▸ AIM OF THE EXERCISE: Would you copy out only the lines from the one with "this 1280×1326 image." to the end of the records, exactly as they stand?

[WORKING DATA — start]

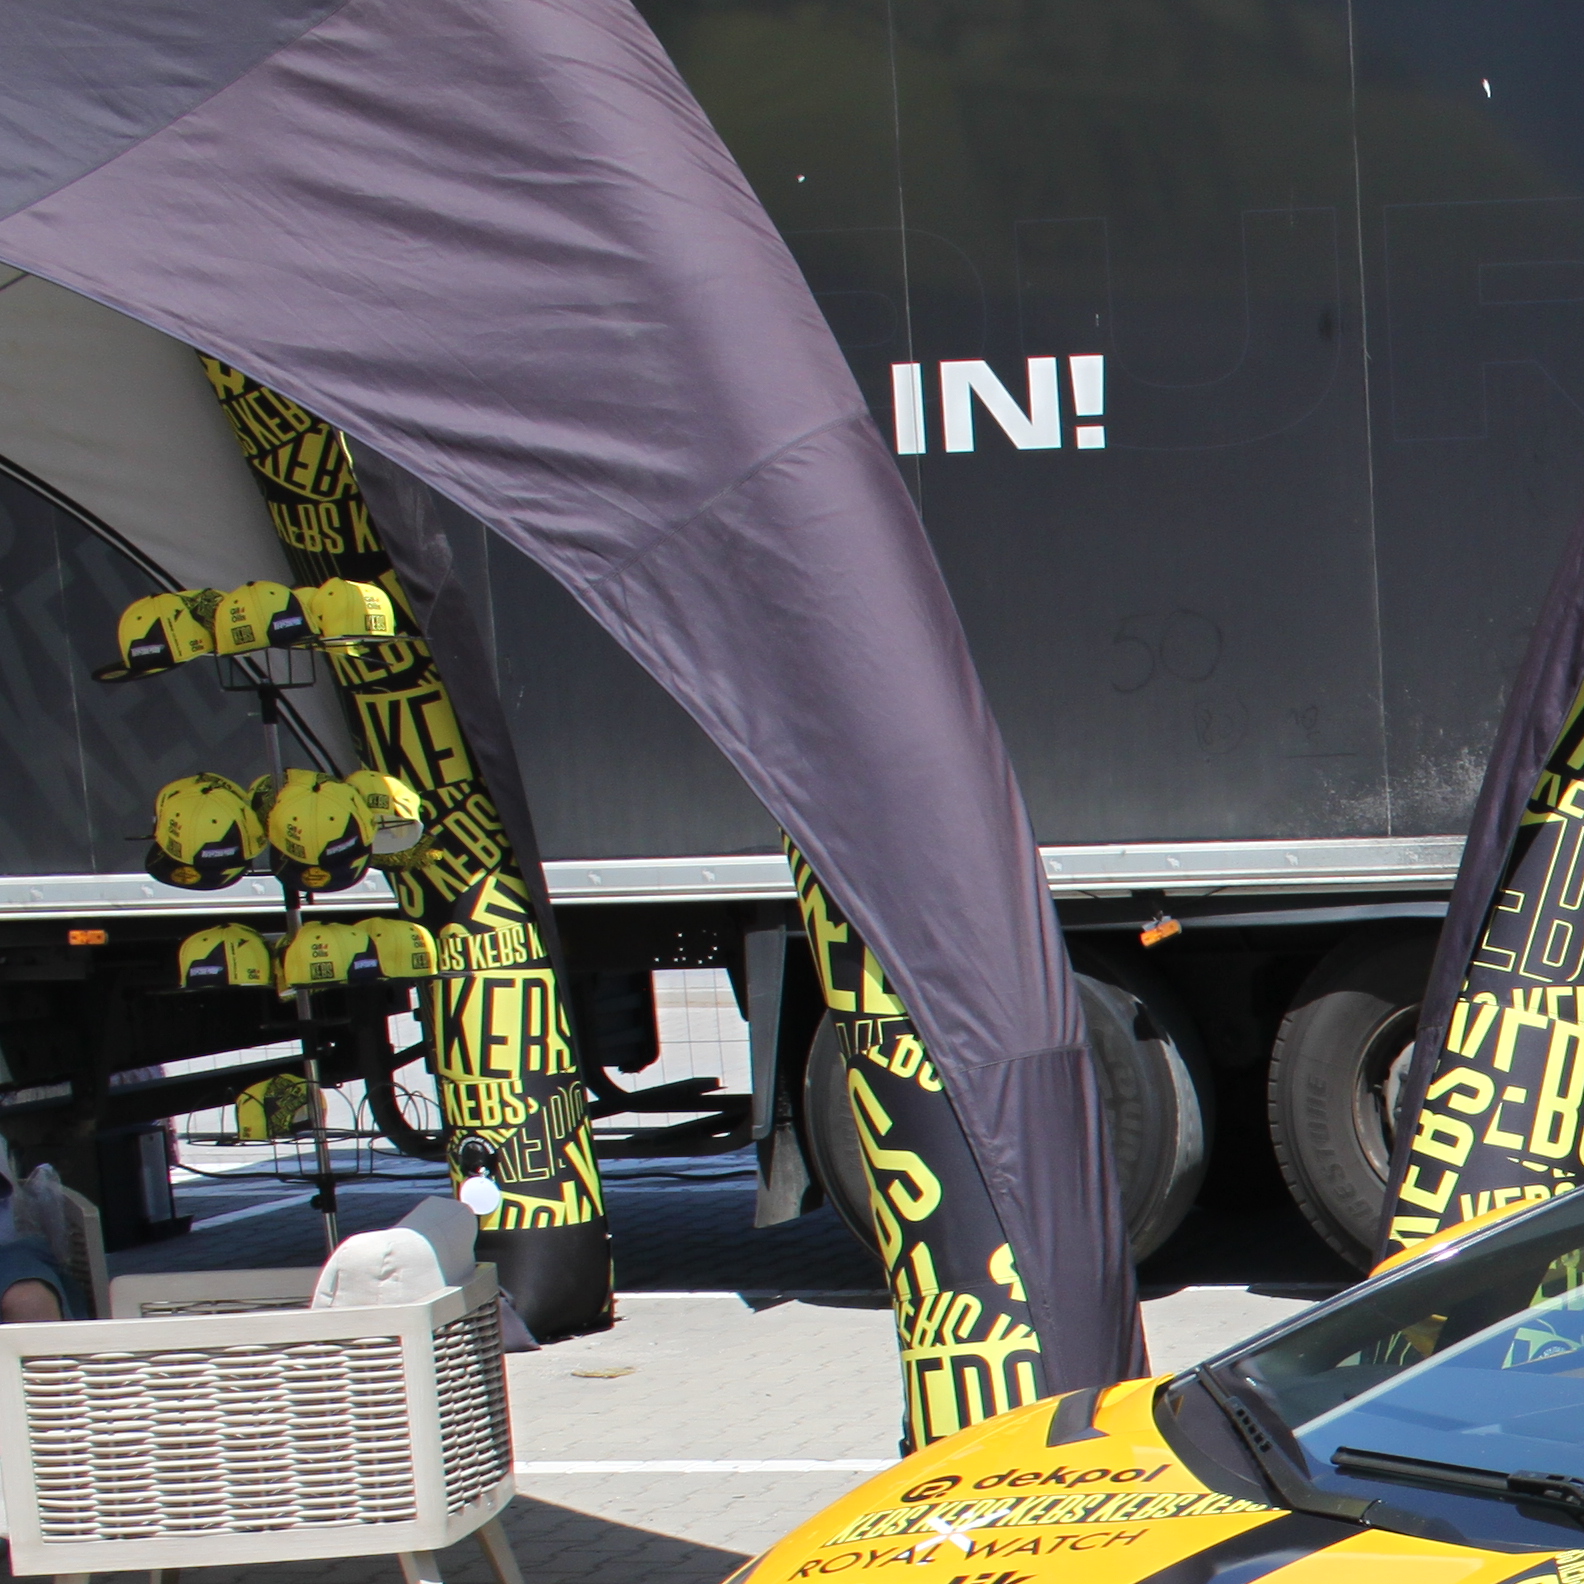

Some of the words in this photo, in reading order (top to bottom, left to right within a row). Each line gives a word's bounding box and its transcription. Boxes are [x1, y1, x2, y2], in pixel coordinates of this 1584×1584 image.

[973, 1464, 1173, 1490] dekpol
[825, 1503, 921, 1548] KEBS
[997, 1494, 1100, 1526] KEBS
[1092, 1492, 1191, 1522] KEBS
[787, 1545, 943, 1582] ROYAL
[962, 1528, 1149, 1562] WATCH
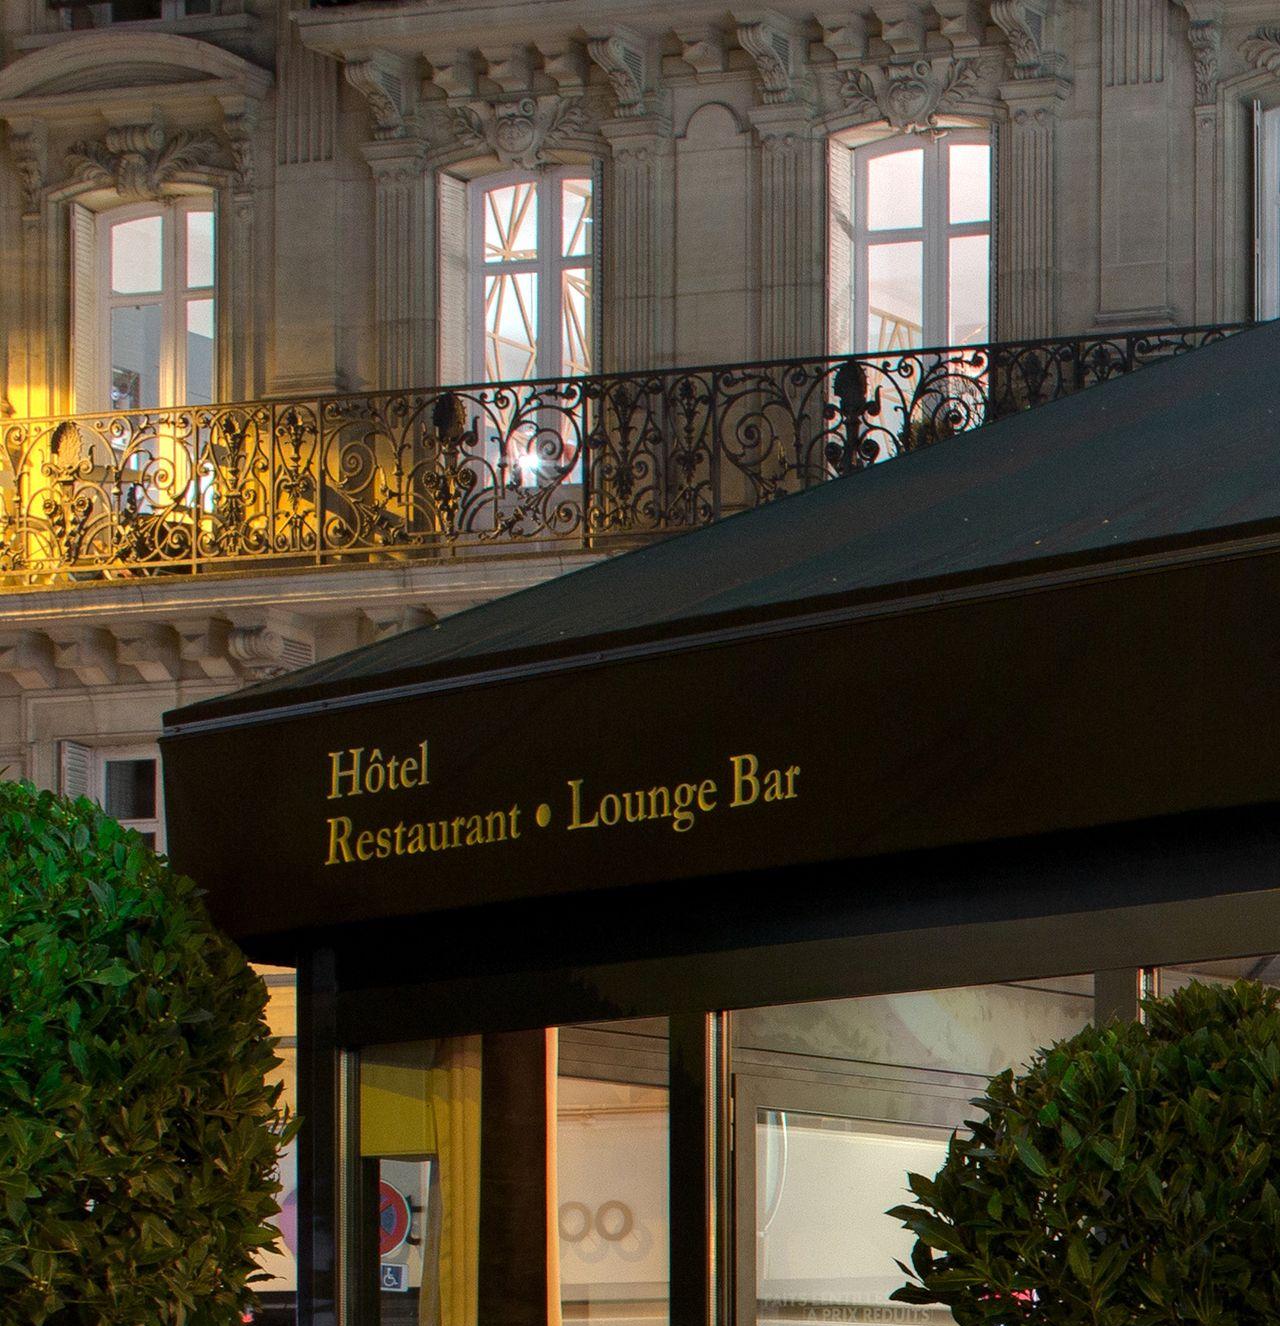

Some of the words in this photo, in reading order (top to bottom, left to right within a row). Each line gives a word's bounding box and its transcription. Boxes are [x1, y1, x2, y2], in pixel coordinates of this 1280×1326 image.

[326, 740, 430, 799] Hôtel
[324, 802, 522, 866] Restaurant
[566, 778, 718, 833] Lounge
[729, 752, 800, 808] Bar
[822, 1307, 857, 1322] PRIX
[863, 1307, 930, 1322] REDUITS

[WORKING DATA — finish]

▸ EXERCISE OUTPUT:
Some of the words in this photo, in reading order (top to bottom, left to right within a row). Each line gives a word's bounding box and its transcription. Boxes are [x1, y1, x2, y2], in pixel coordinates of this 1280×1326 image.

[326, 740, 430, 799] Hôtel
[324, 802, 522, 866] Restaurant
[566, 778, 718, 833] Lounge
[729, 752, 800, 808] Bar
[822, 1307, 857, 1322] PRIX
[863, 1307, 930, 1322] REDUITS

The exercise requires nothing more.